For our experiment, we use a fine-tuning technique called Dreambooth that teaches Flux a new concept (i.e. a style or a character) by associating a special word with the example images. In particular, we use a LoRA implementation of Dreambooth that allows you to achieve full fine-tuning-like performance but with much less memory.

In LoRA fine-tuning, instead of updating all the parameters of a model during training, you introduce low-rank matrices that capture the essential changes needed for adaptation. During the fine-tuning process, only these low-rank “adapters” are updated. Then on inference, you load the base model, which remains unchanged, followed by the LoRA adapters. Compared to full fine-tuning, this approach offers faster training times and lower memory usage.

At this point, you might be wondering, how do you choose between full fine-tuning and LoRA fine-tuning?

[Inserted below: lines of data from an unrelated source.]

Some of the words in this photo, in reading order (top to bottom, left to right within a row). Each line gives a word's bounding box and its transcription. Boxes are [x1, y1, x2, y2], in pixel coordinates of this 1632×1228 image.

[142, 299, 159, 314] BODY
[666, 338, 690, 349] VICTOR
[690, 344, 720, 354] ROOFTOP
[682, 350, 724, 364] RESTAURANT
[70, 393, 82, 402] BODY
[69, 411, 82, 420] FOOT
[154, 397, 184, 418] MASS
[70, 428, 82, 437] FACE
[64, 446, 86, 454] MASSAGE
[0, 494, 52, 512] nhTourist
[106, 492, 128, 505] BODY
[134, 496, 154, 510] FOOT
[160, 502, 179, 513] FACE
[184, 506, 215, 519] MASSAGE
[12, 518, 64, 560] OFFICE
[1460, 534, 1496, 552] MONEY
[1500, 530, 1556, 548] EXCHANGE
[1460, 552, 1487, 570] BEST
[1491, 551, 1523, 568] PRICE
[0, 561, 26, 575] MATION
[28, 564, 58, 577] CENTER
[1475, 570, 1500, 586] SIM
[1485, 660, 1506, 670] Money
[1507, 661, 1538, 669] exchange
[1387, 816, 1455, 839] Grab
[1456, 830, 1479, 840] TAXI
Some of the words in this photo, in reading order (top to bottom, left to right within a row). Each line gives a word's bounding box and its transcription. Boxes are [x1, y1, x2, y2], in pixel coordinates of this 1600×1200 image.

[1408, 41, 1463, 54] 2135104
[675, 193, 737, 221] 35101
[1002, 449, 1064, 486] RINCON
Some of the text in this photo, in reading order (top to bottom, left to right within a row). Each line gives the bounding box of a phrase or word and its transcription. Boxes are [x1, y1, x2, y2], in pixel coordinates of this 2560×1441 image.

Generally speaking, the best practice is to start with LoRA fine-tuning, and then, if the results are not adequate, move on to full fine-tuning.

You might have also heard of other optimization techniques like qLoRA, where the base model and the LoRA adapters are further quantized to cut down on memory usage.

Should you use qLoRA to fine-tune Flux?

The answer is that it’s probably not necessary. You can run a LoRA fine-tune on a single A100 40GB GPU without needing to quantize down to 8-bits.

Preparing the Dataset

heroicon-training-data

Some examples of our training data

In our previous attempt at fine-tuning Heroicons, we used the entire 300+ Heroicons icons that are publically available as our training set.

With LoRA, we can fine-tune with fewer images. Instead of the hundreds we would need for full fine-tuning, we only need around 20-25 images, so we curate 25 images. Some things to note about the training data:

  • Variety of images: For LoRA, more important than the number of images is the variety and representativeness of the images. For example, we deliberately choose icons that represent both tangible objects and more abstract concepts, as well as icons that contain both primarily straight lines/angles as well as curves.
  • Captioning: To train a style LoRA, it’s very helpful to provide individual captions for the images. The nice things about Heroicons is that each Heroicon image file is already named, so it’s easy to convert those names into appropriate captions. Our captions take the form "an HCON, a black and white minimalist icon of a <object>." Note that this means that at inference time, we will need to prompt with something similar to the caption, i.e. "an HCON, a black and white minimalist icon of Barack Obama" in order to trigger the style.
  1. Dreambooth keyword: As previously mentioned, Dreambooth is a technique that teaches Flux a new concept (i.e. a style or a character) by associating a special word with the example images. In our case, that special word is HCON. At inference time, HCON must be present in the prompt.

The final dataset used for our LoRA fine-tuning is here.

Training on Modal

To fine-tune on Modal, we can adapt this Dreambooth example, which shows you how to run a Diffusers fine-tuning script on Modal.

Diffusers is a HuggingFace-produced library that provides a set of easy-to-use scripts for fine-tuning Diffusion models on custom datasets. You can see an up-to-date list of all their scripts in their examples subdirectory.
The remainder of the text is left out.